A mulher e a violência doméstica

Por Thereza Ricci | Especial para o GCN
| Tempo de leitura: 3 min

Muito se tem falado dos progressos da mulher no seio da sociedade, da sua capacidade, do avanço que conseguiu em direção à sua profissionalidade, sua inteligência, disciplina, coragem e honestidade no desempenho de suas funções, em cargos elevados como o Supremo Tribunal de Justiça, onde temos duas magistradas.

Por isso mesmo e por outras circunstâncias mulheres se tornam independentes e sozinhas, cuidam de sua sobrevivência, às vezes, também a de seus familiares, com seu salário, fruto do seu trabalho.

As faculdades de todo o país já registram por algum tempo uma porcentagem grande de mulheres, que todos os anos ingressam em escolas superiores, mostrando que cada vez mais elas caminham ao  encontro de seus objetivos, competindo com os homens nas mais variadas profissões, coisa impensável num passado não muito distante.

Liberadas da moral ilibada de antigamente, que fazia da mulher, antes dos anos 50, um ser dependente do pai e da mãe, para depois do casamento ser também dependente do marido, seu dono e senhor, nos dias de hoje não aceita ser cerceada em sua liberdade, por isso  casa, divorcia, casa novamente ou amasia, sem que a sociedade a discrimine. 

As informações sobre a relação sexual, o ciclo ovular, os cuidados e uso de preservativos para evitar uma gravidez indesejada estão à mostra nas escolas, nas conversas, nos programas de televisão, nas revistas mais diversas, trazendo para a mulher tudo que ela deve saber sobre seu corpo e as consequências de seus atos diante da vida e do sexo oposto.

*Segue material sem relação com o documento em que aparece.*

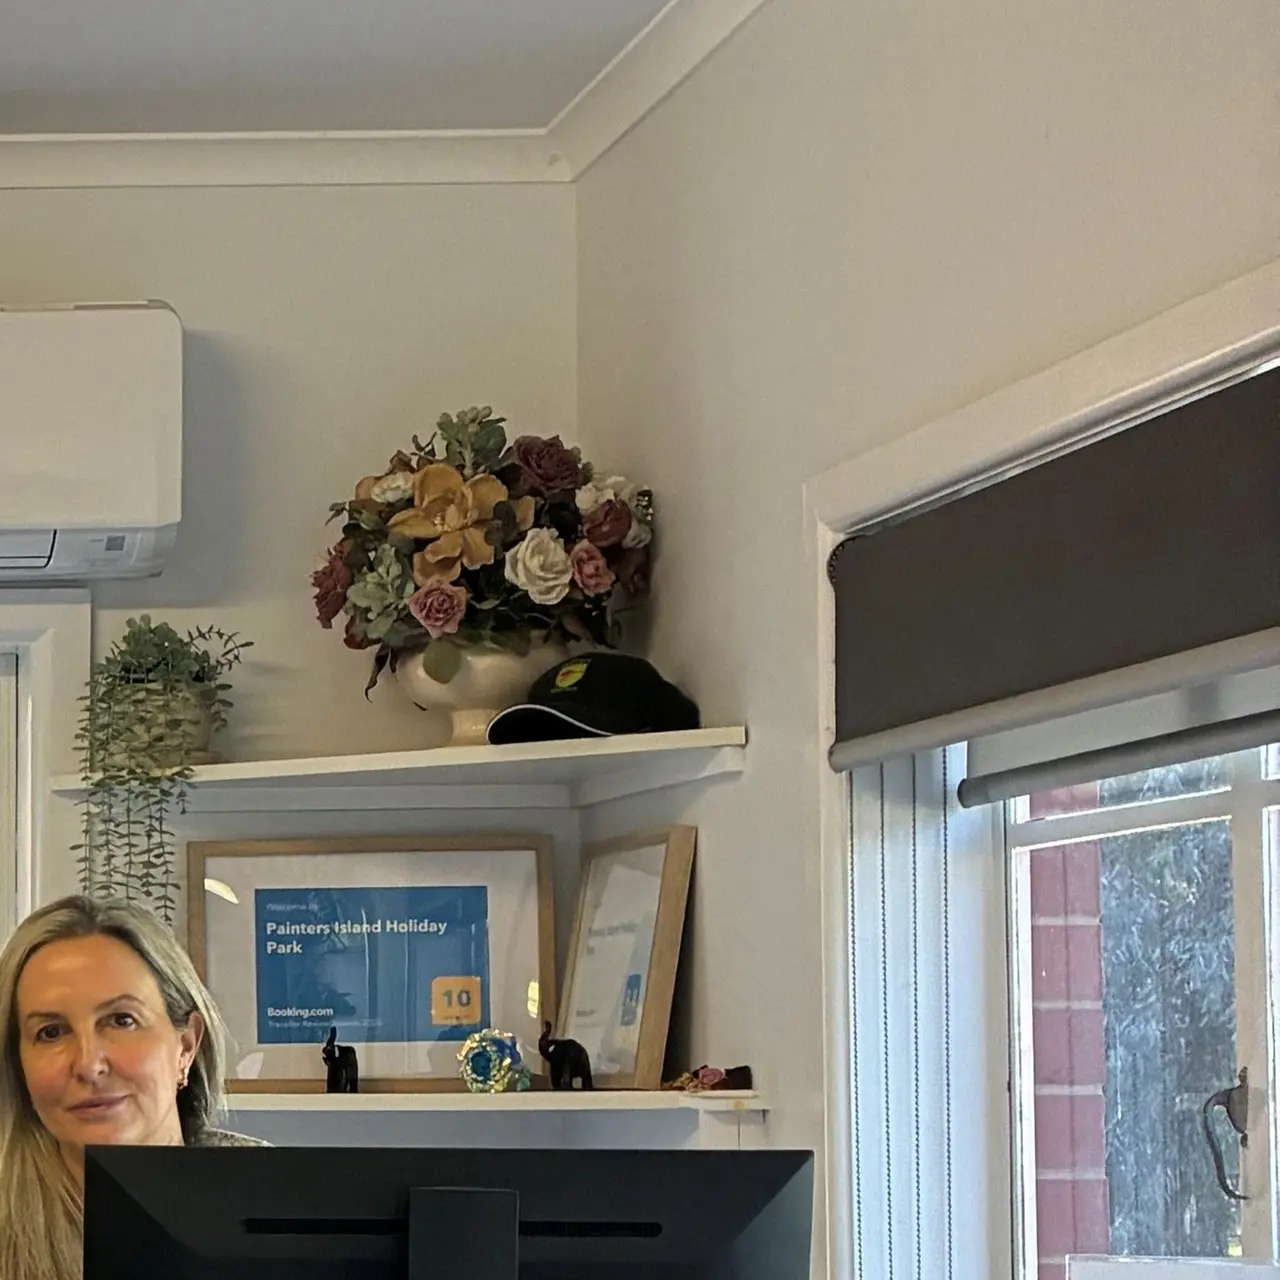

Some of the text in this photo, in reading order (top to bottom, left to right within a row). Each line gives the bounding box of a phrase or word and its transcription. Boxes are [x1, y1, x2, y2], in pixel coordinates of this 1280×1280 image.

Mas apesar de tantas informações e conquistas, a mulher ainda não aprendeu a colocar a racionalidade acima das emoções e dos sentimentos. Liberadas para correr atrás de suas metas, não enxerga o mundo materialista, mercenário, individualista e machista que domina nossa sociedade, age com o coração quando se sente atraída por um homem. Engravida para agradar ao parceiro e, de repente, este lhe foge das mãos, deixando-a sozinha com ônus do prazer, do amor que era só dela, e tem que se desdobrar em várias mulheres, ou seja, a profissional, a chefe de família, o pai, a mãe e a doméstica, e se quiser lutar por uma pensão para os filho ou filhos, tem de mendigar nos corredores do fórum, o que nem sempre consegue.

Há ainda o problema da violência, atualmente muito discutida, com casos escabrosos, mulheres que são assassinadas na frente dos filhos, pelo marido, amásio ou companheiro, deixando um rastro de sangue e muitas vezes de impunidade. Segundo o anuário Brasileiro de Segurança Pública, em 2020 houve um aumento de 7% na taxa de feminicídios de mulheres, onde 66% eram negras; e o feminicídio deixa mais de 2.000 órfãos no país, todos os anos.  Infelizmente ainda temos de constatar essa nossa triste realidade, onde os negros são sempre os que mais sofrem com as tragédias domésticas e de família.

Fico pensando como vivem esses órfãos; mesmo que tenham avós, tios que se responsabilizem por eles. Restarão sempre  uma lacuna em suas vidas; o transtorno emocional pela perda da presença da mãe, bem insubstituível; lidar com um pai criminoso e ausente, atrás das grades por muito tempo. E aqueles cujas famílias não têm condições financeiras de apoiá-los? Porque a maioria das mulheres assassinadas são pobres, de acordo com Anuário. Onde está o governo que até hoje, pelo que tomei conhecimento em leituras, não mostra nenhuma política pública para amparar esses infelizes órfãos do feminicídio? Mais uma mazela, pouco explorada e discutida, desse nosso imenso país.